▸ PROBLEM TO SOLVE:
Without including any picture, return the complete set of records exactly.
───── DATA EXCERPTS
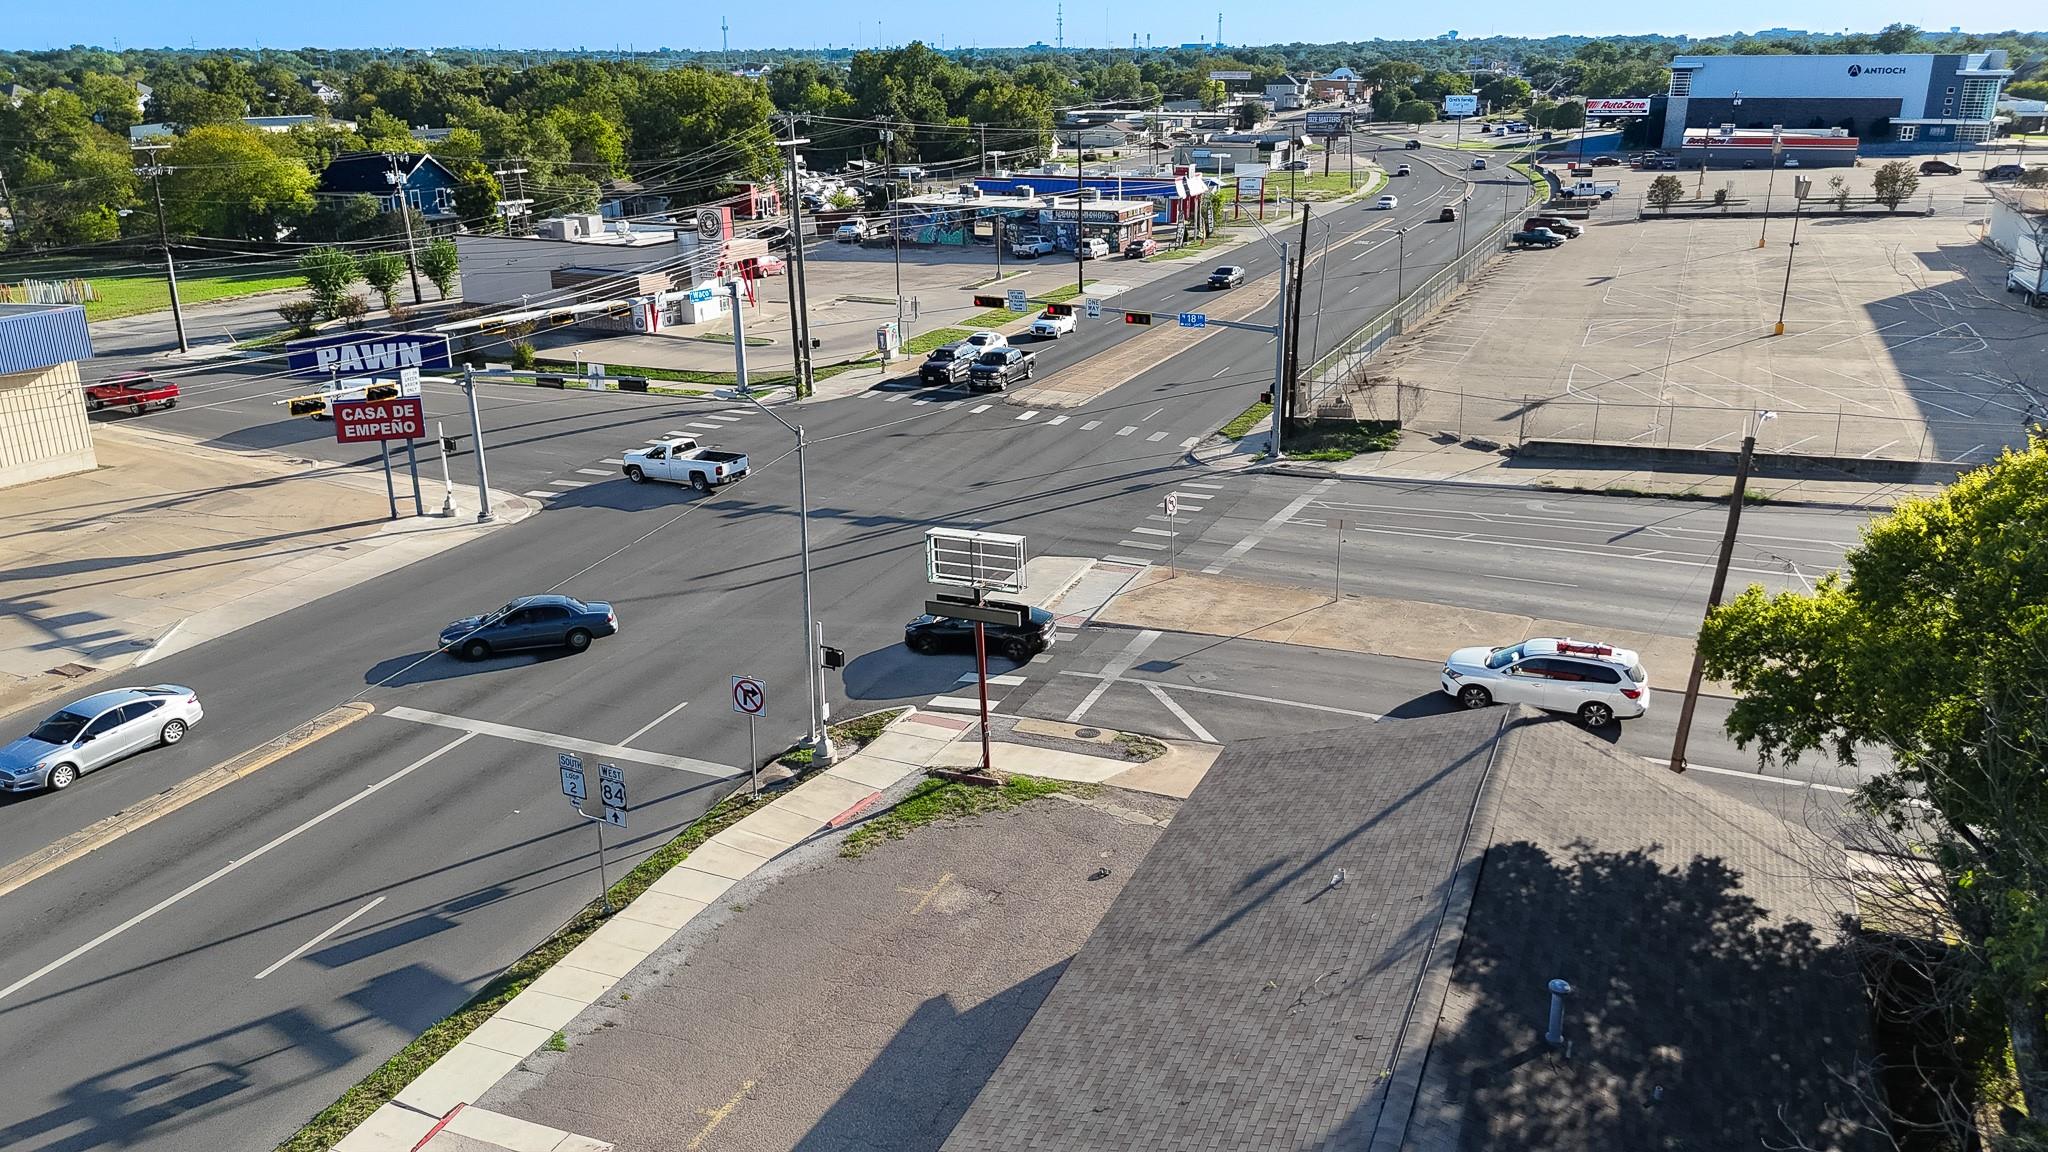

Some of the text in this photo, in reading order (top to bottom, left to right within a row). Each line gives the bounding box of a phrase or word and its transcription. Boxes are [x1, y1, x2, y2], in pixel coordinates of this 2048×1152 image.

[1601, 100, 1646, 109] AutoZone
[693, 289, 710, 299] Waco
[316, 342, 422, 372] PAWN
[341, 404, 415, 421] CASA DE
[344, 419, 416, 437] EMPEÑO
[560, 756, 582, 770] SOUTH
[601, 766, 621, 780] WEST
[569, 781, 577, 794] 2
[603, 785, 624, 804] 84
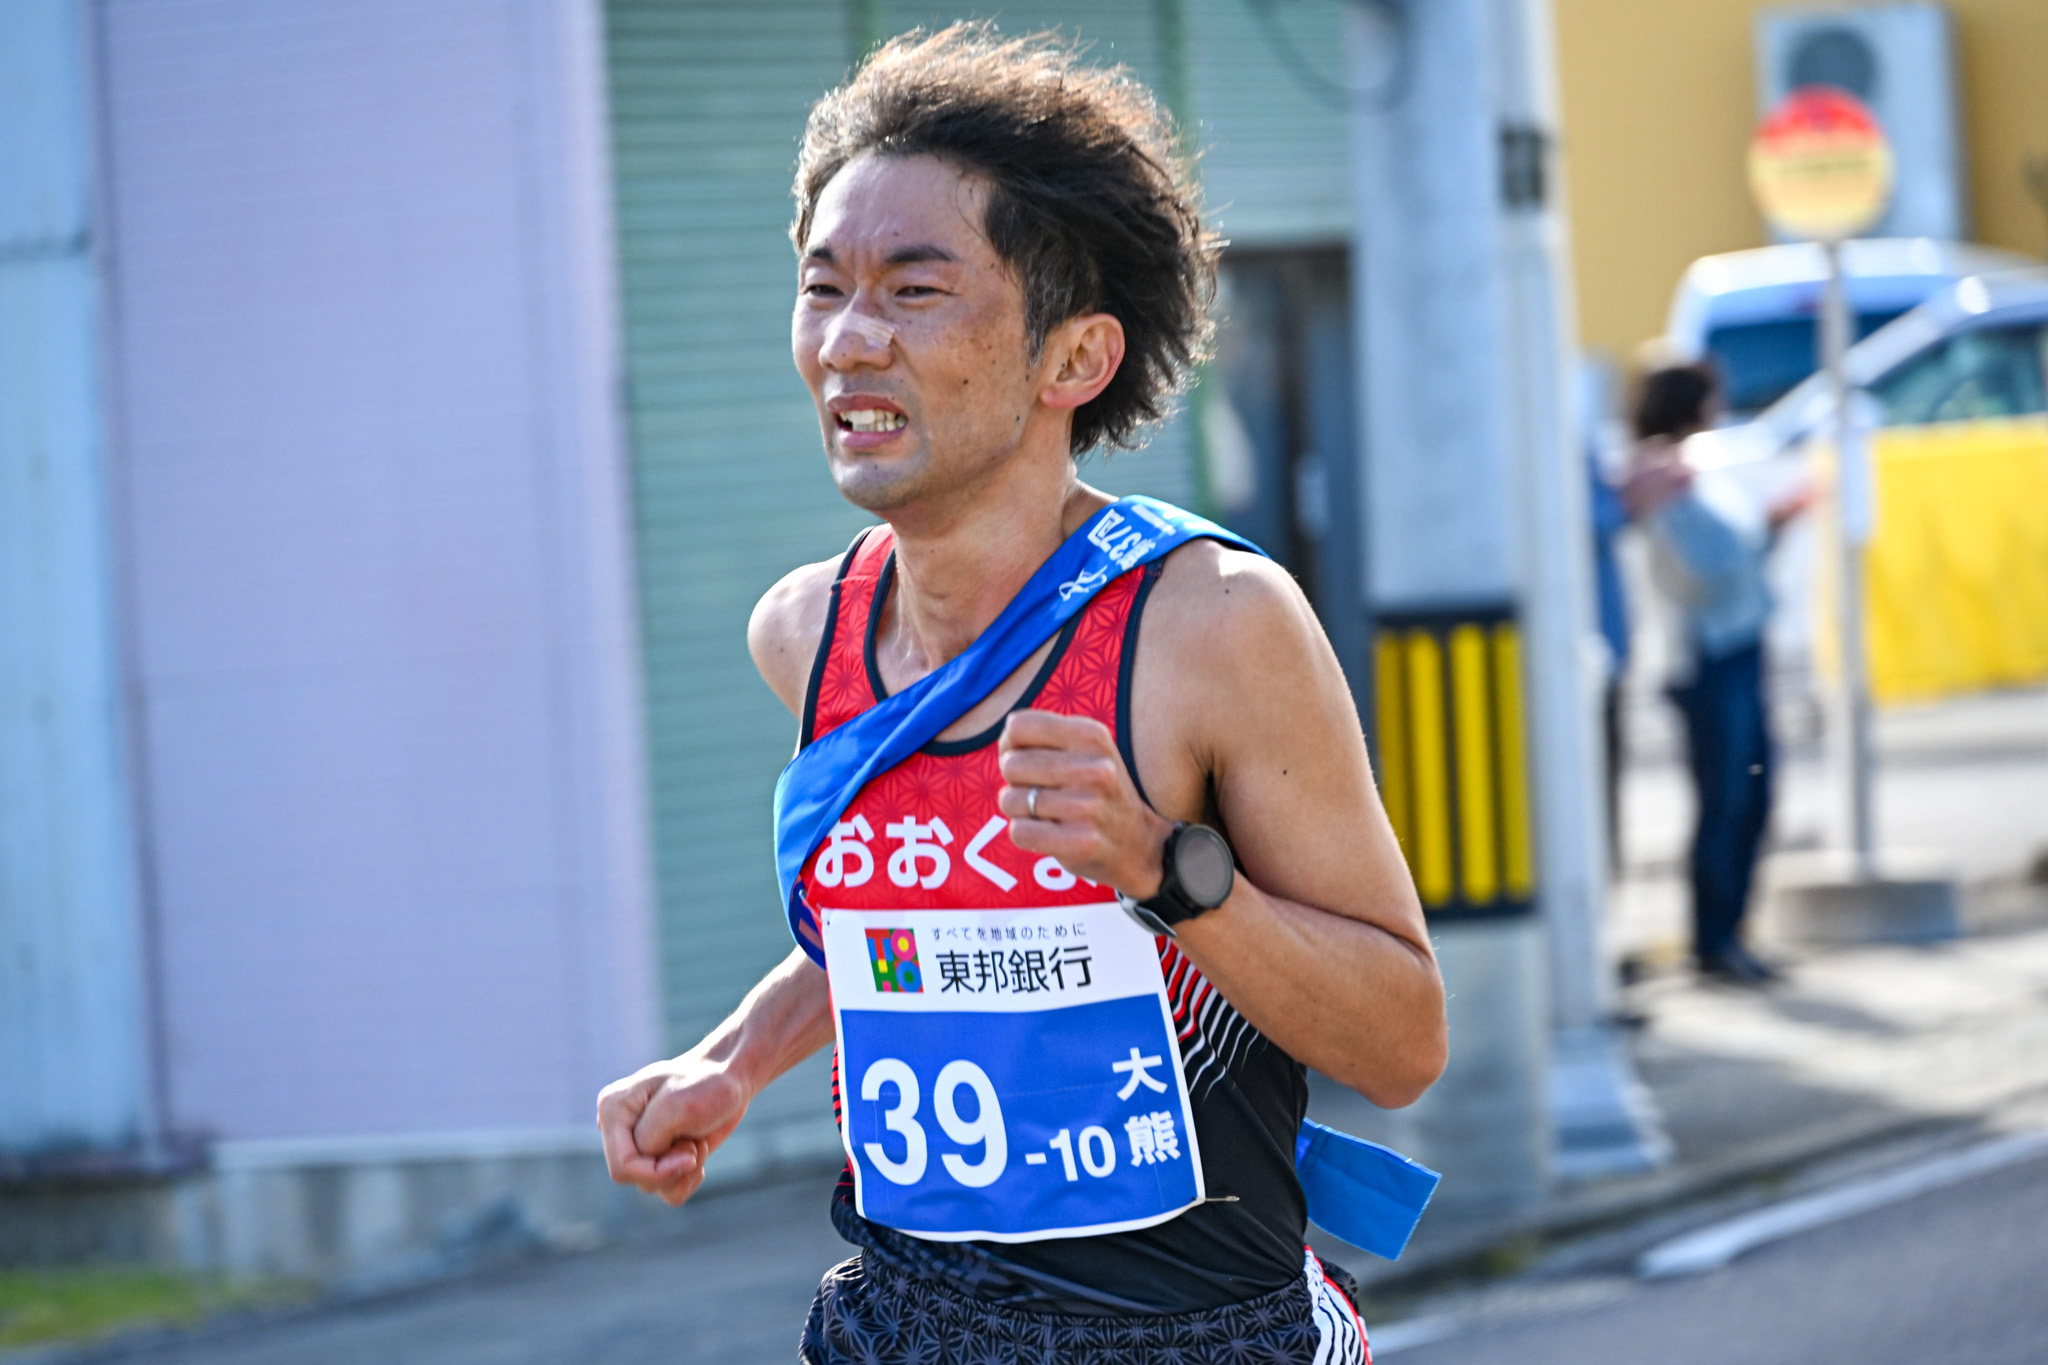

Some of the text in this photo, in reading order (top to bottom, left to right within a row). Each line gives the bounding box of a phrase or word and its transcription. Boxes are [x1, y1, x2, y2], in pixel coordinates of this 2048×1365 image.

[931, 923, 1086, 941] すべてを地域のために
[935, 945, 1092, 993] 東邦銀行
[1112, 1047, 1181, 1167] 大熊
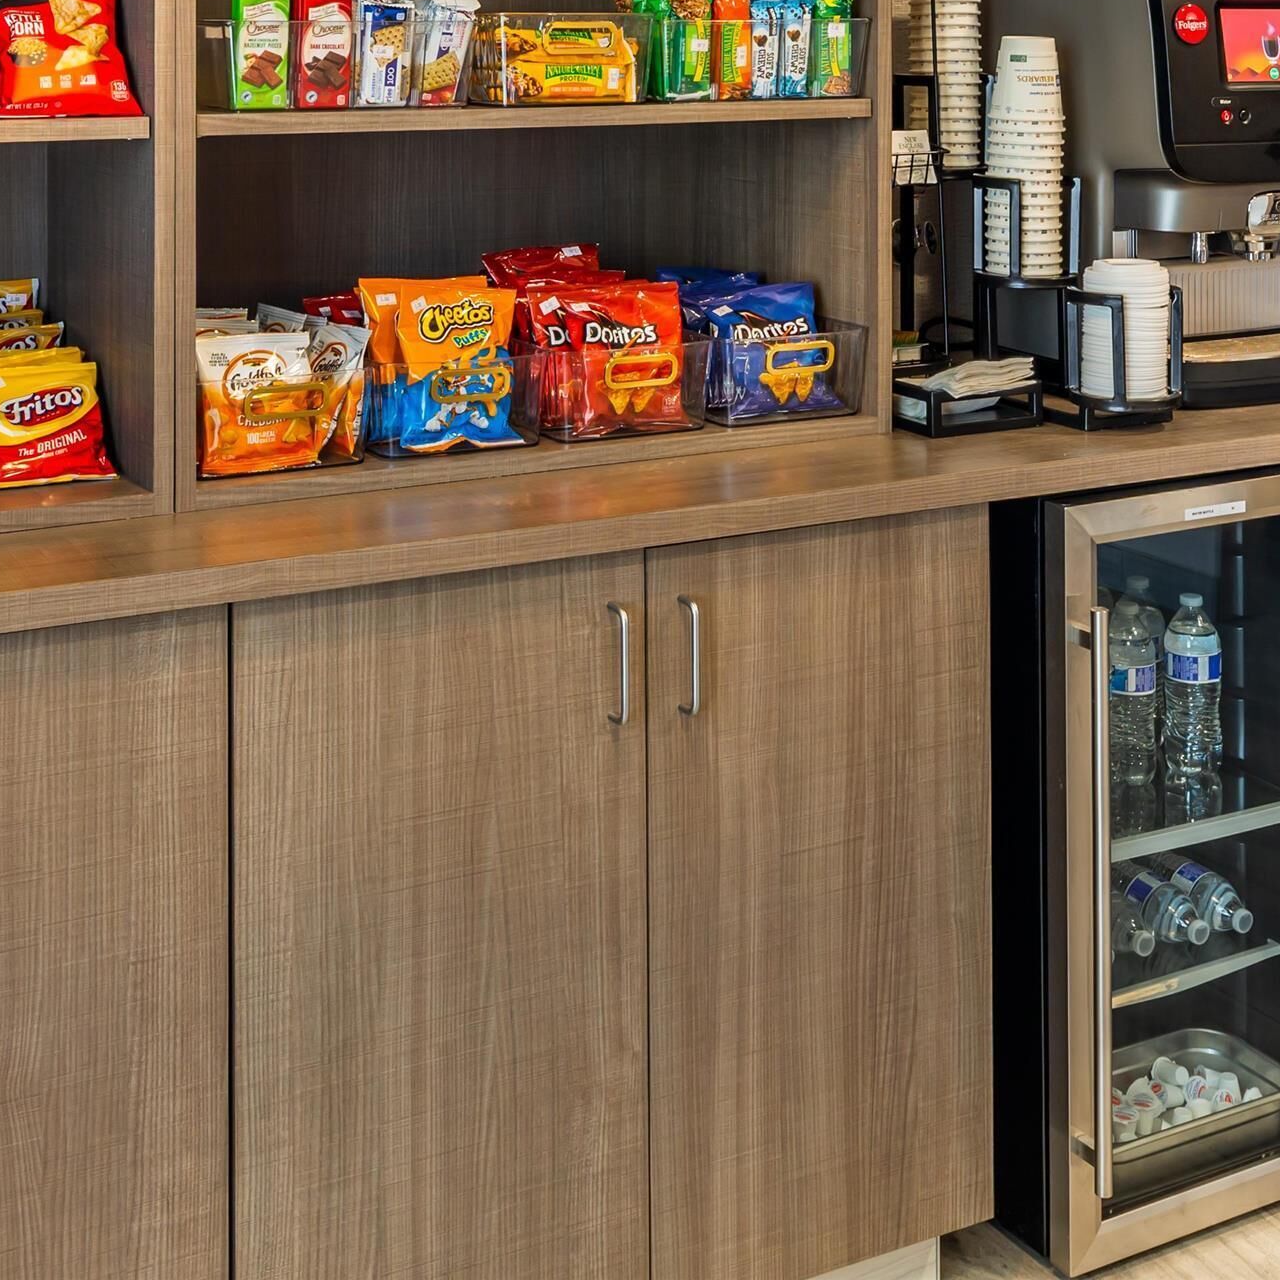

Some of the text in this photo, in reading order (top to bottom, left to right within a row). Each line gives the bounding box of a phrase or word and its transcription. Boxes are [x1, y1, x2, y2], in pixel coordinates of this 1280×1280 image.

[4, 14, 41, 27] KETTLE
[10, 22, 44, 36] CORN
[1178, 20, 1207, 31] Folgers
[757, 49, 766, 79] CHEWY
[790, 44, 798, 74] CHEWY
[546, 64, 576, 79] NATURE
[419, 299, 494, 343] Cheetos
[734, 317, 809, 342] Doritos
[454, 328, 488, 348] Puffs
[585, 322, 657, 345] Doritos
[0, 386, 83, 425] Fritos
[18, 429, 87, 457] The ORIGINAL
──────────
▸ OUTPUT OF THE TASK:
Some of the text in this photo, in reading order (top to bottom, left to right within a row). Each line gives the bounding box of a phrase or word and its transcription. Boxes are [x1, y1, x2, y2], in pixel coordinates of this 2048×1152 image.

[1601, 100, 1646, 109] AutoZone
[693, 289, 710, 299] Waco
[316, 342, 422, 372] PAWN
[341, 404, 415, 421] CASA DE
[344, 419, 416, 437] EMPEÑO
[560, 756, 582, 770] SOUTH
[601, 766, 621, 780] WEST
[569, 781, 577, 794] 2
[603, 785, 624, 804] 84

Some of the text in this photo, in reading order (top to bottom, left to right within a row). Each line gives the bounding box of a phrase or word and its transcription. Boxes are [x1, y1, x2, y2], in pixel coordinates of this 2048×1365 image.

[931, 923, 1086, 941] すべてを地域のために
[935, 945, 1092, 993] 東邦銀行
[1112, 1047, 1181, 1167] 大熊

Some of the text in this photo, in reading order (top to bottom, left to right within a row). Each line gives the bounding box of a phrase or word and its transcription. Boxes are [x1, y1, x2, y2], in pixel coordinates of this 1280×1280 image.

[4, 14, 41, 27] KETTLE
[10, 22, 44, 36] CORN
[1178, 20, 1207, 31] Folgers
[757, 49, 766, 79] CHEWY
[790, 44, 798, 74] CHEWY
[546, 64, 576, 79] NATURE
[419, 299, 494, 343] Cheetos
[734, 317, 809, 342] Doritos
[454, 328, 488, 348] Puffs
[585, 322, 657, 345] Doritos
[0, 386, 83, 425] Fritos
[18, 429, 87, 457] The ORIGINAL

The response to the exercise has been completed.